Rosma dove away from Akkama. The sharks left her alone; she was one of them.
She emerged on the far side of the cavern, fifty feet from Akkama. Rosma breached the water at speed and clung easily to the rough walls. She turned and watched.
Akkama’s screams—curses and cries of pain—echoed in the small space. She thrashed in the water, her movements one chaos with the attack of the sharks. Akkama’s arda shone brighter and brighter, casting a red glare on the waters, making it dance in reflection on the walls. The dragonsteel blade burned, and hot red blood flowed. The water boiled from movement and heat. Rosma felt the warmth radiating even from her position on the far wall as steam began to cloud the chamber.
Not all the blood in the water belonged to Akkama, and Rosma saw more than one shark’s carcass before it was all over.
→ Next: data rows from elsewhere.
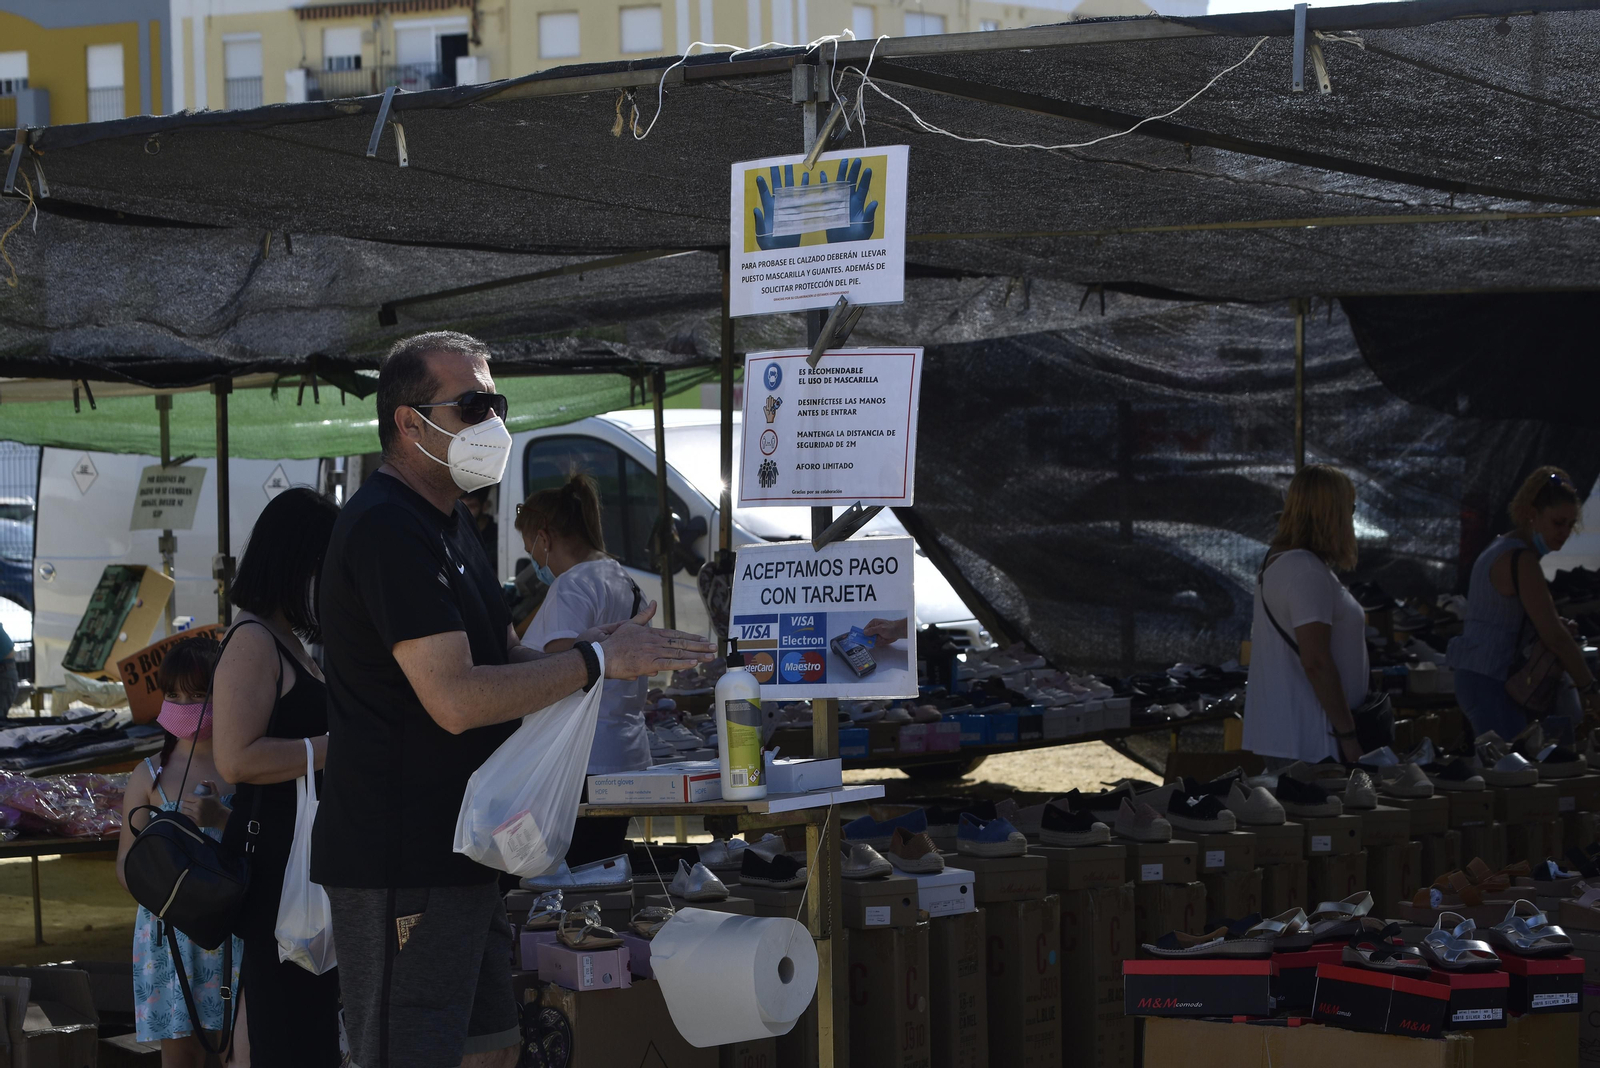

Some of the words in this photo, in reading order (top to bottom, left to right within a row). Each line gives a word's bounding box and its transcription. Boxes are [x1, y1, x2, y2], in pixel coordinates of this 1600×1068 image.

[741, 262, 757, 270] PARA
[758, 258, 787, 269] PROBASE
[797, 254, 826, 265] CALZADO
[827, 250, 858, 261] DEBERÁN
[861, 249, 887, 258] LLEVAR
[741, 273, 765, 283] PUESTO
[765, 270, 806, 281] MASCARILLA
[806, 269, 811, 277] Y
[811, 266, 844, 276] GUANTES.
[845, 262, 875, 273] ADEMÁS
[876, 262, 886, 270] DE
[761, 284, 794, 294] SOLICITAR
[794, 279, 834, 291] PROTECCIÓN
[835, 279, 847, 287] DEL
[848, 277, 861, 286] PIE.
[808, 367, 864, 376] RECOMENDABLE
[808, 377, 822, 385] USO
[834, 376, 879, 384] MASCARILLA
[797, 397, 843, 406] DESINFÉCTESE
[844, 397, 857, 405] LAS
[859, 397, 886, 405] MANOS
[797, 409, 819, 417] ANTES
[830, 408, 857, 416] ENTRAR
[797, 430, 835, 438] MANTENGA
[847, 429, 885, 437] DISTANCIA
[886, 429, 896, 437] DE
[796, 441, 834, 449] SEGURIDAD
[822, 462, 854, 470] LIMITADO
[742, 558, 843, 581] ACEPTAMOS
[849, 556, 899, 576] PAGO
[760, 586, 796, 605] CON
[801, 584, 877, 604] TARJETA
[790, 615, 815, 626] VISA
[741, 624, 771, 639] VISA
[782, 635, 824, 646] Electron
[744, 662, 774, 673] sterCard
[784, 662, 821, 672] Maestro
[124, 662, 139, 686] 3
[594, 778, 617, 786] comfort
[617, 778, 634, 787] gloves
[671, 780, 675, 789] L
[1036, 933, 1047, 975] C
[906, 965, 918, 1011] C
[1107, 987, 1123, 1002] BLAC
[1137, 997, 1178, 1009] M&M
[1318, 1002, 1339, 1016] M&M
[1399, 1019, 1431, 1033] M&M
[902, 1022, 925, 1051] J910
Akkama was dragged beneath the churning waters, her screams silenced. Red light flashed and flashed again down below, revealing the outlines of five, six, seven sharks, all larger than Akkama, all crowded together in a feeding frenzy.
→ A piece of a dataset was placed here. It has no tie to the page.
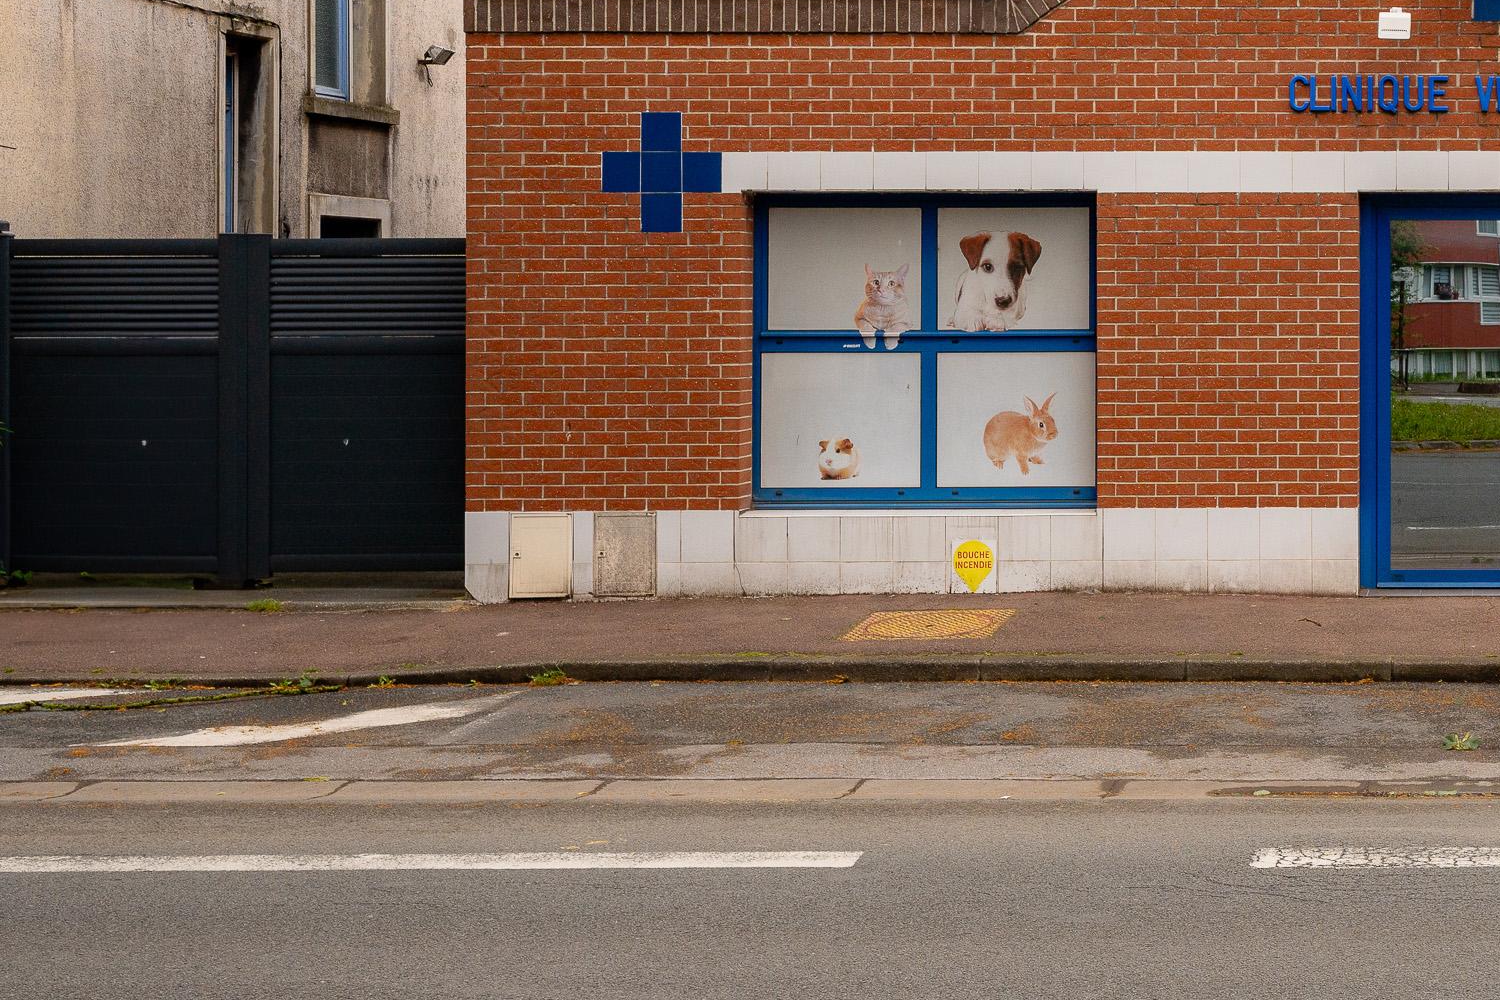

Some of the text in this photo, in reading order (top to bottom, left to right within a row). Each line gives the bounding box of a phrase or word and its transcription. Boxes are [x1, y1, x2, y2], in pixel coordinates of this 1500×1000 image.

The red lights flickered, died. Darkness only in the depths, bloody waters stirred by the movements of the sharks below. Rosma watched for several minutes. Some sharks rose to the surface, both living and dead, but no Akkama.
“There is your justice,” she said to the waters.
She climbed back to the surface. She saw Akkama’s slider, hovering unmanned and useless over the inland scrub, and rummaged through its contents, finding nothing of interest.
Anthea would want to know about this, Rosma decided. Akkama was dead. No point in hiding it. Anthea would want to talk to her, and she was probably in Prax. No point in delaying it.
She turned back to her own vehicle and departed for the dry coral forests.